I would go to countless appointments with different doctors who all have different specialties but they seemed to ask the same questions. Nothing seemed to be going anywhere. I know Timothy and I know what he needs and what he is ready for or not. I know where we need help. So instead of going to these appointments answering the same five questions about his growth and development I now go with my list of questions and the things I think we should be doing for him.
This is when I finally started to answer the question of “Why Me?”

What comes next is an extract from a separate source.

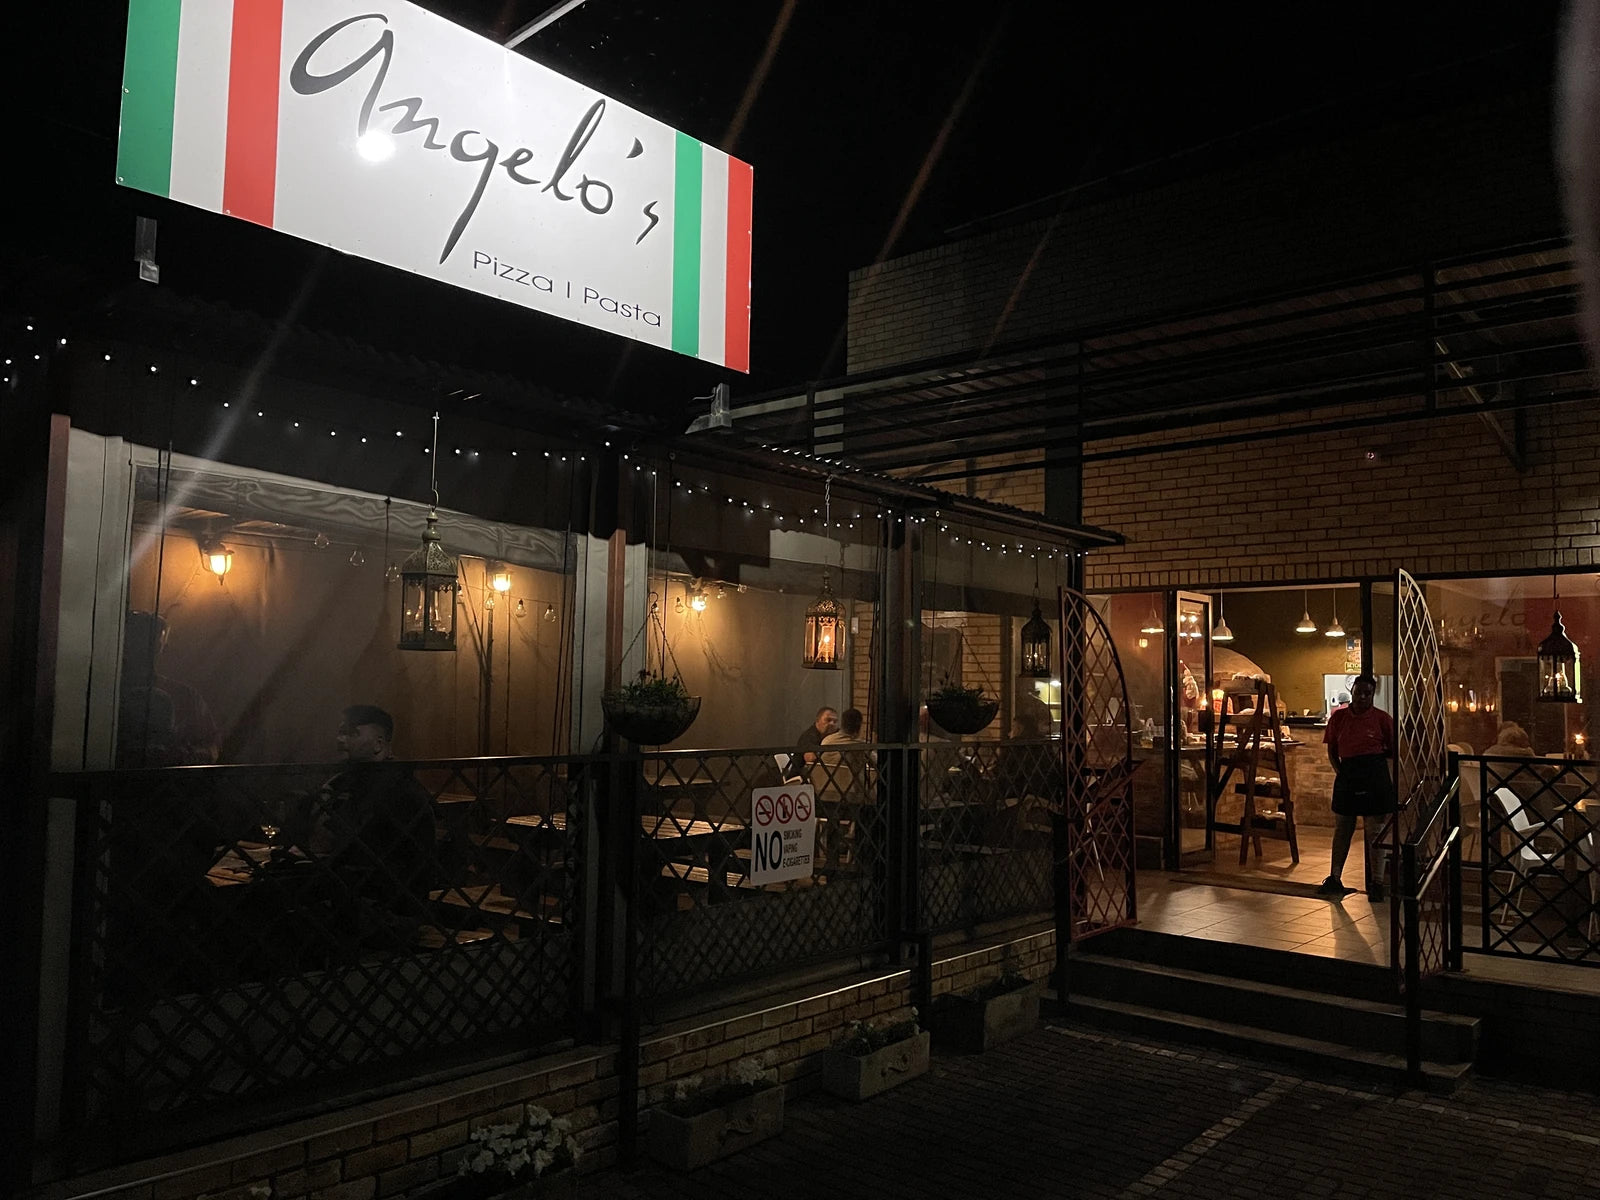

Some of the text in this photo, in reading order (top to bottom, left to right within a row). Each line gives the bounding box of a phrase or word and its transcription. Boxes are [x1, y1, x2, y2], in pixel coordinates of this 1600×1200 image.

[472, 250, 555, 294] Pizza
[583, 287, 663, 328] Pasta
[754, 830, 783, 872] NO

Because I love my children deeply and unconditionally. I will advocate for Timothy in every single situation whether it’s to a Doctor or a family member or a stranger in the mall. I will never stop researching and learning about all the things I can do to make life easier for Timothy. I will never stop educating others on Timothy’s condition. I will do absolutely anything and everything to help Timothy succeed. As I started to really think about it the better question that first night would have been “Why not me?” .
Becoming a Special Needs parent was not something I had planned and at first it was really uncomfortable for me to feel like I had anything to offer the situation but slowly I’ve discovered that I am one of the most important people on Timothy’s team. I am his Mom.
Thank you so much for taking the time to read my blog.